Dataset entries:
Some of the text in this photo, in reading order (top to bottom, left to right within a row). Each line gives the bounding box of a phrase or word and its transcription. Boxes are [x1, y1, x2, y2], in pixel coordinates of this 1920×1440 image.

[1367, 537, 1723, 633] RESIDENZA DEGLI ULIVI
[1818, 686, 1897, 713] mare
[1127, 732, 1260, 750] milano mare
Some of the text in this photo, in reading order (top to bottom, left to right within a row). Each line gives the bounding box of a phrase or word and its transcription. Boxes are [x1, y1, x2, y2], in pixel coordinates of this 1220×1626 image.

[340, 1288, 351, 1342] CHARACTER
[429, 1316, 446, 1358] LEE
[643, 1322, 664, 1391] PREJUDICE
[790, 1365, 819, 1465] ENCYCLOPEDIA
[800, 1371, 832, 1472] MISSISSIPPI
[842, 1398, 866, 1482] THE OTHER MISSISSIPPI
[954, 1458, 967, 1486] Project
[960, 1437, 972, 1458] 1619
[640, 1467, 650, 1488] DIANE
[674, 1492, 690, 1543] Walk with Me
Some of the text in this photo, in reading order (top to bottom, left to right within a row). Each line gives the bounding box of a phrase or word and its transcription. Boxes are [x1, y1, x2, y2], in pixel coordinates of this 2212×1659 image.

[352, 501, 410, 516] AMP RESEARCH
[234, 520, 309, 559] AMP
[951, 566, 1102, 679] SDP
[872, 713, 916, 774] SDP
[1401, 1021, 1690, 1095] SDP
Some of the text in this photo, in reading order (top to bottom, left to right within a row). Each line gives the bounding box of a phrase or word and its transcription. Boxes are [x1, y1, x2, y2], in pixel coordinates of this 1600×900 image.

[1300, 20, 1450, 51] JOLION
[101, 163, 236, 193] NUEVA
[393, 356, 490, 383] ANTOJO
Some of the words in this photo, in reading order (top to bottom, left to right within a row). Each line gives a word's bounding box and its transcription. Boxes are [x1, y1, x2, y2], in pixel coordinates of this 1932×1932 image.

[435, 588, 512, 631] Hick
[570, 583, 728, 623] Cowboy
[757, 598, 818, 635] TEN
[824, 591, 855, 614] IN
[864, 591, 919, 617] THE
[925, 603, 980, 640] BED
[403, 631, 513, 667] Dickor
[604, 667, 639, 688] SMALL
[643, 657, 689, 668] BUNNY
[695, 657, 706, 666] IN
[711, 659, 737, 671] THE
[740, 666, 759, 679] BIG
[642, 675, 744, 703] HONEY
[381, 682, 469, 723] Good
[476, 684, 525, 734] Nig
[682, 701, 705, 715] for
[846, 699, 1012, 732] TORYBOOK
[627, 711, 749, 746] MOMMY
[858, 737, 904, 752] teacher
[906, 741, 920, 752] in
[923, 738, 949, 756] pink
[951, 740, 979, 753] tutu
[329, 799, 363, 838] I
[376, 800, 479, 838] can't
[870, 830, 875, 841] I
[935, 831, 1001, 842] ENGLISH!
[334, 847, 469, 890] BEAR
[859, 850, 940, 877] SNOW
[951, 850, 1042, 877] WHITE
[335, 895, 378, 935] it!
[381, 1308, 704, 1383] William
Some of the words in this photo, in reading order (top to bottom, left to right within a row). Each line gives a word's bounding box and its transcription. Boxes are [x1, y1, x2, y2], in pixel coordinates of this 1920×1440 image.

## [Goal of the exercise]
Repeat all of the data exactly.

## [Result for this task]
Some of the text in this photo, in reading order (top to bottom, left to right within a row). Each line gives the bounding box of a phrase or word and its transcription. Boxes are [x1, y1, x2, y2], in pixel coordinates of this 1920×1440 image.

[1367, 537, 1723, 633] RESIDENZA DEGLI ULIVI
[1818, 686, 1897, 713] mare
[1127, 732, 1260, 750] milano mare
Some of the text in this photo, in reading order (top to bottom, left to right within a row). Each line gives the bounding box of a phrase or word and its transcription. Boxes are [x1, y1, x2, y2], in pixel coordinates of this 1220×1626 image.

[340, 1288, 351, 1342] CHARACTER
[429, 1316, 446, 1358] LEE
[643, 1322, 664, 1391] PREJUDICE
[790, 1365, 819, 1465] ENCYCLOPEDIA
[800, 1371, 832, 1472] MISSISSIPPI
[842, 1398, 866, 1482] THE OTHER MISSISSIPPI
[954, 1458, 967, 1486] Project
[960, 1437, 972, 1458] 1619
[640, 1467, 650, 1488] DIANE
[674, 1492, 690, 1543] Walk with Me
Some of the text in this photo, in reading order (top to bottom, left to right within a row). Each line gives the bounding box of a phrase or word and its transcription. Boxes are [x1, y1, x2, y2], in pixel coordinates of this 2212×1659 image.

[352, 501, 410, 516] AMP RESEARCH
[234, 520, 309, 559] AMP
[951, 566, 1102, 679] SDP
[872, 713, 916, 774] SDP
[1401, 1021, 1690, 1095] SDP
Some of the text in this photo, in reading order (top to bottom, left to right within a row). Each line gives the bounding box of a phrase or word and its transcription. Boxes are [x1, y1, x2, y2], in pixel coordinates of this 1600×900 image.

[1300, 20, 1450, 51] JOLION
[101, 163, 236, 193] NUEVA
[393, 356, 490, 383] ANTOJO
Some of the words in this photo, in reading order (top to bottom, left to right within a row). Each line gives a word's bounding box and its transcription. Boxes are [x1, y1, x2, y2], in pixel coordinates of this 1932×1932 image.

[435, 588, 512, 631] Hick
[570, 583, 728, 623] Cowboy
[757, 598, 818, 635] TEN
[824, 591, 855, 614] IN
[864, 591, 919, 617] THE
[925, 603, 980, 640] BED
[403, 631, 513, 667] Dickor
[604, 667, 639, 688] SMALL
[643, 657, 689, 668] BUNNY
[695, 657, 706, 666] IN
[711, 659, 737, 671] THE
[740, 666, 759, 679] BIG
[642, 675, 744, 703] HONEY
[381, 682, 469, 723] Good
[476, 684, 525, 734] Nig
[682, 701, 705, 715] for
[846, 699, 1012, 732] TORYBOOK
[627, 711, 749, 746] MOMMY
[858, 737, 904, 752] teacher
[906, 741, 920, 752] in
[923, 738, 949, 756] pink
[951, 740, 979, 753] tutu
[329, 799, 363, 838] I
[376, 800, 479, 838] can't
[870, 830, 875, 841] I
[935, 831, 1001, 842] ENGLISH!
[334, 847, 469, 890] BEAR
[859, 850, 940, 877] SNOW
[951, 850, 1042, 877] WHITE
[335, 895, 378, 935] it!
[381, 1308, 704, 1383] William
Some of the words in this photo, in reading order (top to bottom, left to right within a row). Each line gives a word's bounding box and its transcription. Boxes are [x1, y1, x2, y2], in pixel coordinates of this 1920×1440 image.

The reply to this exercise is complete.